Oh, my yes, you've gone too far. This has become a power struggle. There should've been increasing consequences along the way. You need to find a way to make it easy for him to co-operate with you. You've both taken a very strong stand opposite each other and now it's up to you to find a way for both of you to save face.
I think I might start out with saying we've both gone too far with this. Let's start over. And then, after you've both calmed down, have a conversation together with both of you feeling safe to state your feelings about how this went wrong. Listening is the most important thing for you to do. By your listening to him he'll better be able to listen to you. The conversation has to be calm and mostly without anger. It's to be exploratory. How did we get here and how do we change this?
I think you did error by paying him even tho he didn't need to mow the lawn. This sets you up for feeling angry and used and him for feeling he doesn't need to mow to get paid. Include this in your conversation.
Appeal to his sense of fairness. You did get paid and now it's time to earn that money.
Why is he refusing to mow? Once you know that you can better deal with changing his way of thinking. Is he just not willing to do it now but will agree to do it tomorrow? Is he angry because you're angry and he doesn't understand why you're angry? Ask him questions, keeping an open mind and remaining calm.
You'll probably need to have the conversation later, say in a day or two, so as to give yourselves time to cool down. I suggest that you keep the electronics away from him while sympathizing with him about their loss. Let him know that this is extreme and that you'll have a conversation later when you're both calm about how this can be prevented in the future. Tell him you are taking away the things that keeps him busy so that he has time to mow the lawn.
You should NOT mow the lawn yourself. He has to be a part of the solution. You can have a win/win but not if you give in (give up) and mow.
I feel for you. This is a difficult age. I urge you to read up on parenting teens. I recommend the Love and Logic books. Also How to Talk so Children will Listen and How to Listen so Kids Will Talk.
At a later time, after the lawn mowing is done, I suggest that you write down the rules of the house and then include this in your conversation with your son. Get input from him. You might be surprised at how reasonable he can be with rules and consequences. Outline consequences so you both know in advance what will happen.

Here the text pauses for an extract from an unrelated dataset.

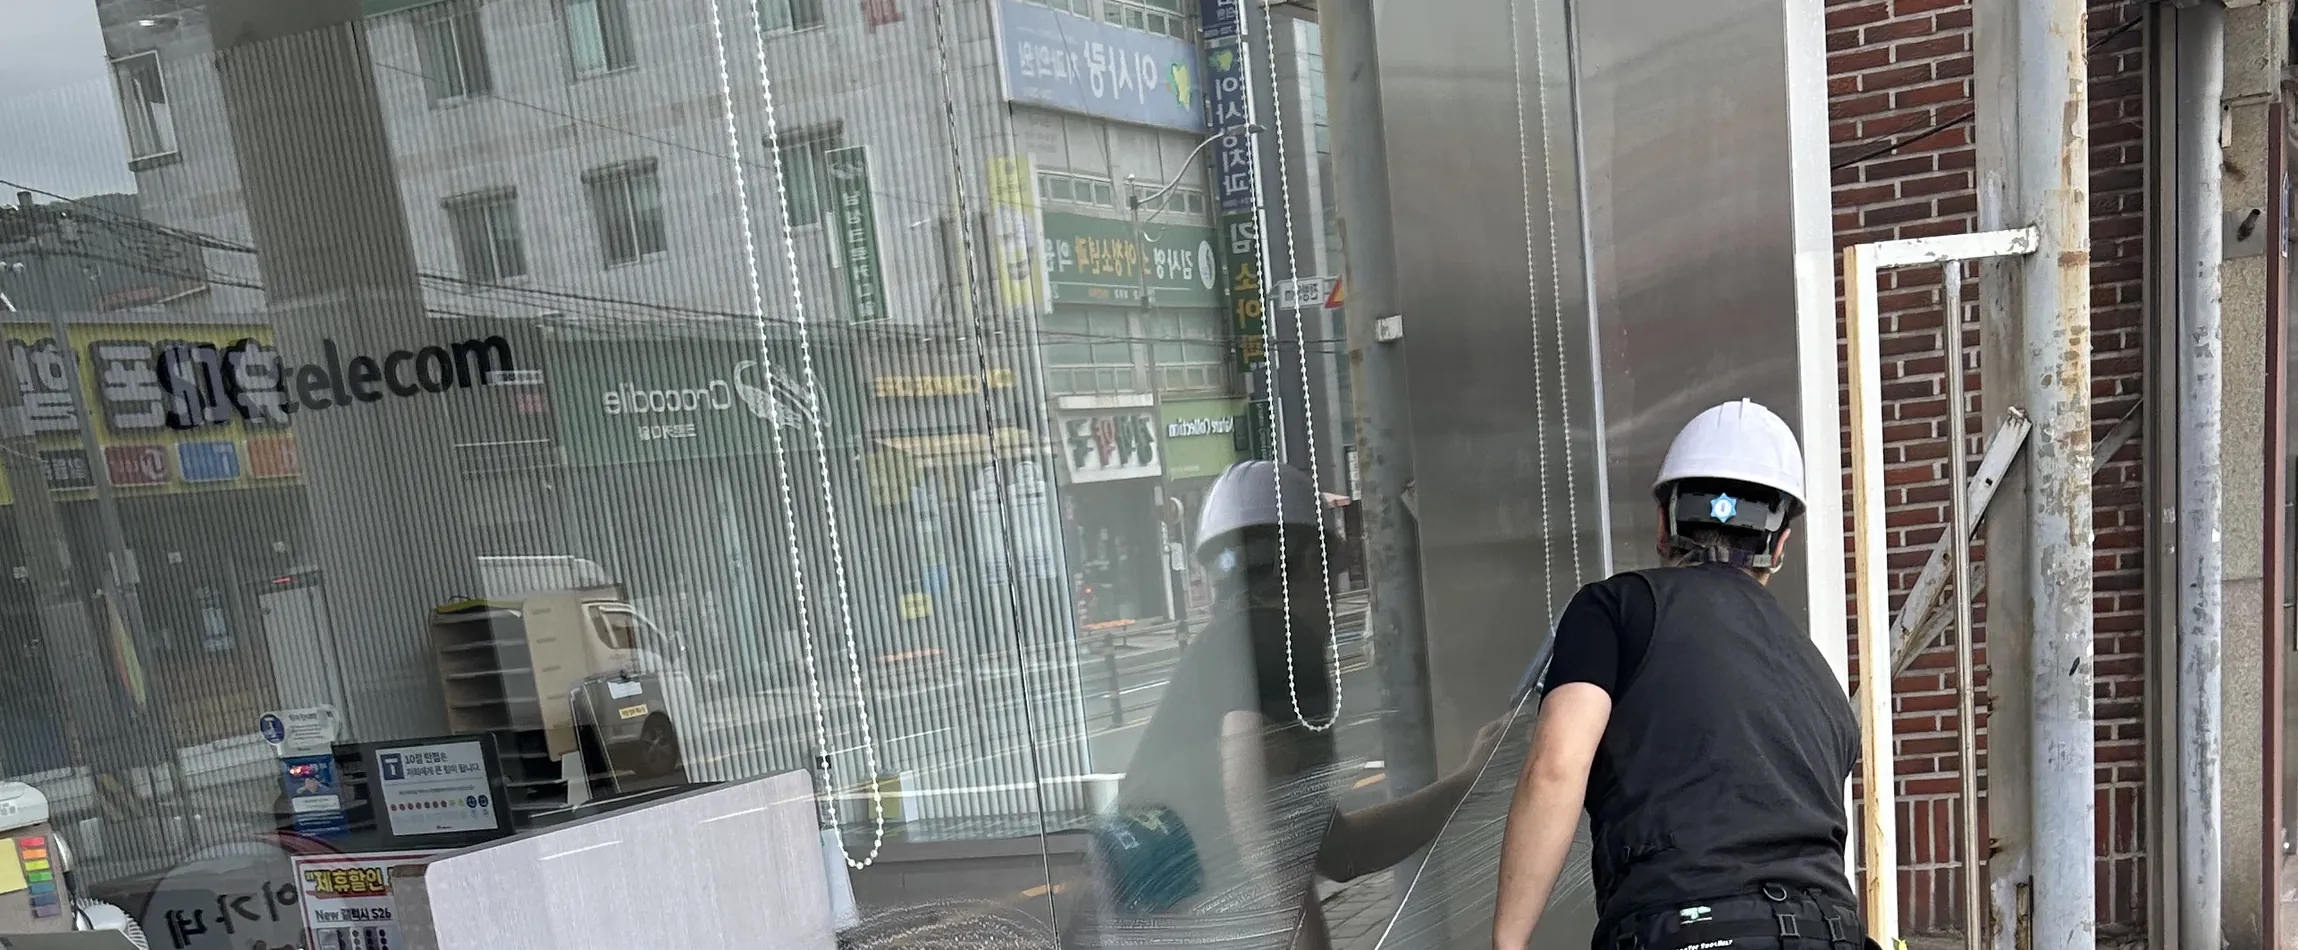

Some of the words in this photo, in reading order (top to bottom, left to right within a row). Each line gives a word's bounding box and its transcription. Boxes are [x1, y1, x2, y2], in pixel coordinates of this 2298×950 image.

[274, 334, 514, 413] telecom
[315, 909, 339, 921] New
[340, 908, 370, 920] 갤럭시
[371, 907, 392, 919] S26

For example with the lawn mowing. Instead of threatening him for 3 weeks, take away on electronic gizmo each day until the lawn is mowed. Be firm but calm. It's about making life reasonable and not about fighting with your son. Never argue with him. The lawn is to be mowed today or I'll take your phone so that you'll have more time to mow. Not mowed the next day. Guess you need more time. I"ll take your computer privileges. Not mowed. Guess you need more time. etc. All matter of fact and no big deal.
As to it's seeming that he doesn't care. I suggest it's bluff and a way to try to manipulate.